Realmente, eu não tinha pensado nesta possibilidade; seria plausível. Mas, o que iríamos pedir em troca de um casal de leitões? Um casal de quê? De patos? Não, nem pensar, seria muito barato. Um cavalo e uma égua? Assim, também, não. Talvez algumas aves exóticas. Na verdade, fiquei mais confuso, embora fosse a ideia excelente.

- O que nos dariam em troca? - perguntei - e algo me disse, pelo sorriso estampado no rosto da minha esposa, que ela já tinha a solução do problema; ou do seu problema, em especial. Um, que eu, há muito, vinha protelando em solucionar pela simples falta de grana.

- Não calcula? - inquiriu ela, quase eufórica. - Olhe para trás; o que está me prometendo há meses?

- Uma máquina de lavar ... uma máquina de lavar! - repeti, cheio de euforia e nem precisei me mexer da cadeira, na varanda onde conversávamos. - Poxa! Que ideia!

- Não é ideia, não. É necessidade, mesmo. Só espero que seja algo digno ou, pelo menos, mais moderno e não aquela gerigonça que só ocupa espaço.

- É claro que sim. Há um jornal popular que só publica classificados; eles têm uma sessão de trocas e sei que funciona. Já fiz negócios ali.

Alguns dias depois, estava lá o meu anúncio. E, inacreditável, em letras garrafais, exposto na primeira página, como geralmente fazem com os anúncios mais engraçados e inusitados:

“Aceita-se uma máquina de lavar, em perfeitas condições de funcionamento, em troca de um casal de leitões, muito bem nutridos”

Nem é preciso dizer que, no mesmo dia, foi fechado o negócio e com o primeiro interessado; surgido antes das oito da manhã. Adquirimos a tão necessitada máquina.

- O senhor vai adorar os bichinhos, moço; não dão nenhum trabalho para nós - disse minha mulher, ainda do portão. Ela olhava a mercadoria salvadora, amarrada sobre a carroceria de uma caminhonete.
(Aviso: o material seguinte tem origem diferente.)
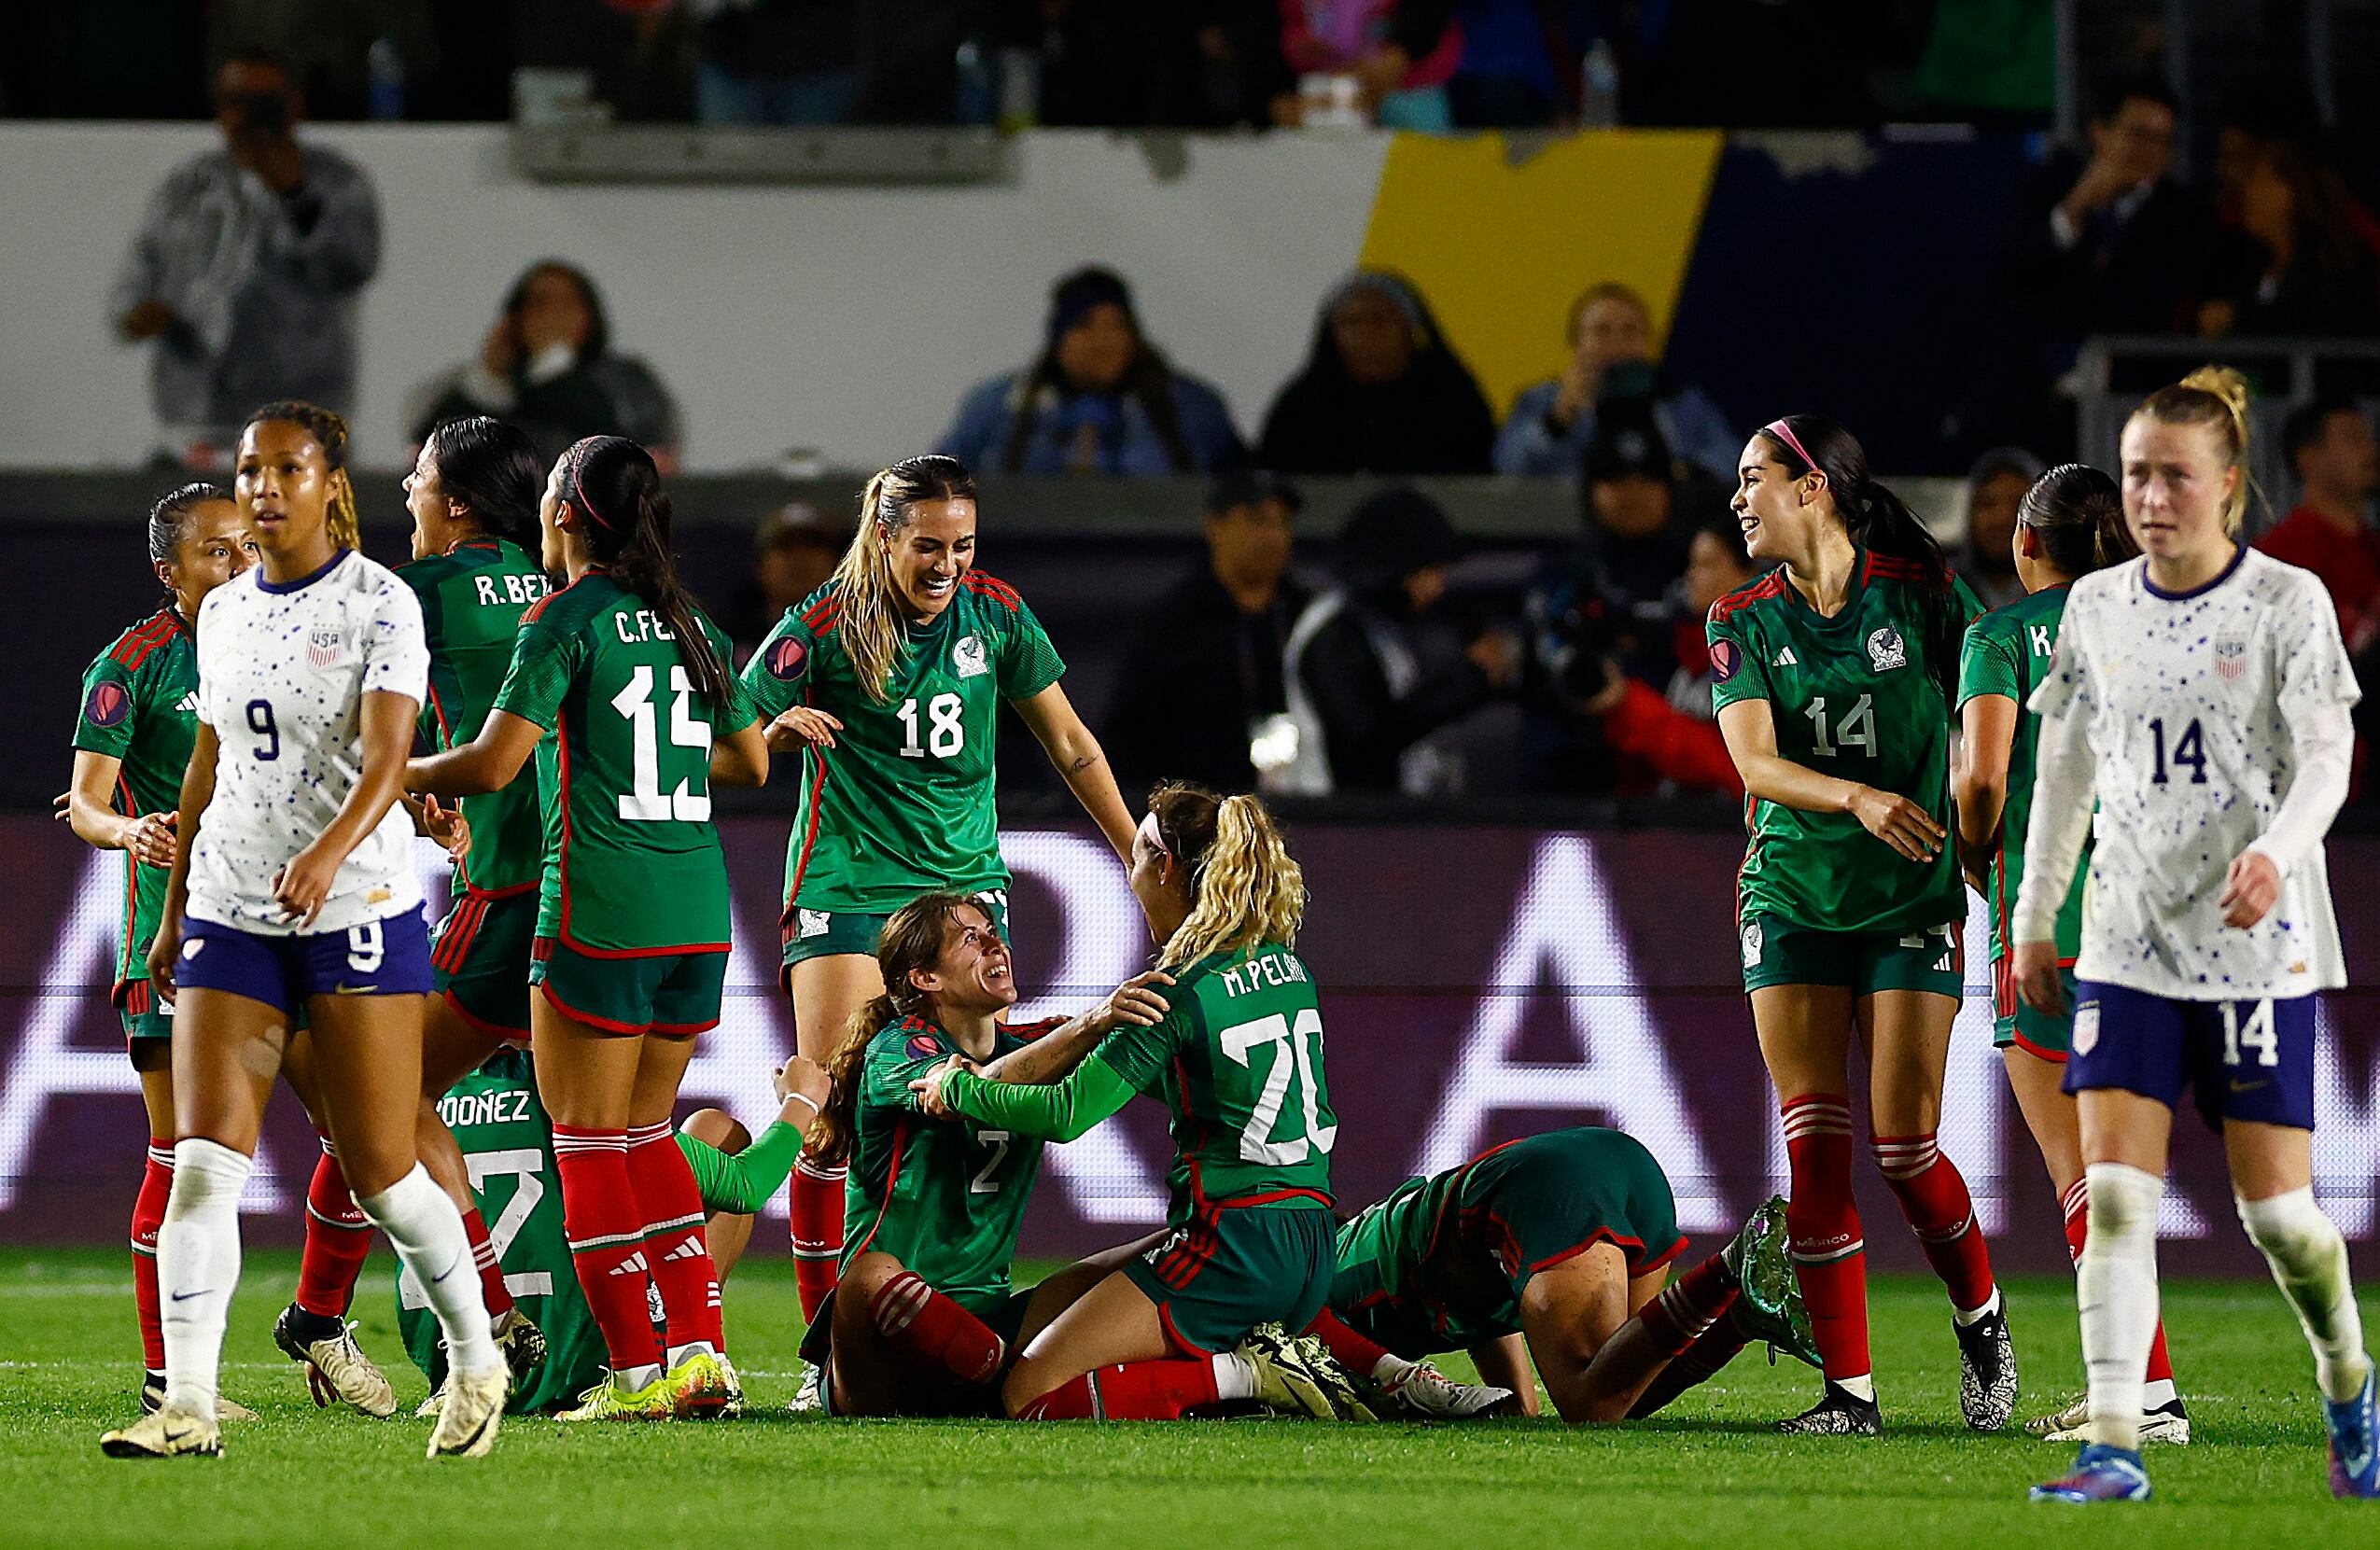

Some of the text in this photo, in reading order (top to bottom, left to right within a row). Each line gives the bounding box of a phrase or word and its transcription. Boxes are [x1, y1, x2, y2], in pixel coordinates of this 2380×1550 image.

- Minha senhora - disse o homem, enquanto desamarrava - porcos não existem para serem admirados. Porcos existem para serem esfolados e degustados; é minha carne predileta. - Ainda bem que Raquel ainda dormia, inocente, e não ouviu esta frase. Também, se pudesse ter ouvido, é certo que não entenderia o significado de “esfolados e degustados”.

- Mas, que raios! Por que não colocaram os animais no chiqueiro antes de me receberem? - esbravejou o homem. Estavam soltos no quintal; era assim que os deixávamos a maior parte do dia, isto nos poupava muito trabalho.

- Acho que não haverá problema; é só agarrá-los e enfiá-los no carro - disse eu, inocentemente.

- Então, está bem. Já que, conseguir agarrar um porco é fácil para o senhor, estou aguardando no carro.

- Por que eu fui falar aquilo?

- Eu te ajudo, querido.

- Nem pensar! Pode deixar comigo.

Em quase dez minutos de pique tá, pique esconde e outros piques ao longo de cada centímetro do meu quintal, já era difícil distinguir, dos três, o mais porco. Até que, sem sucesso e sem fôlego, desisti.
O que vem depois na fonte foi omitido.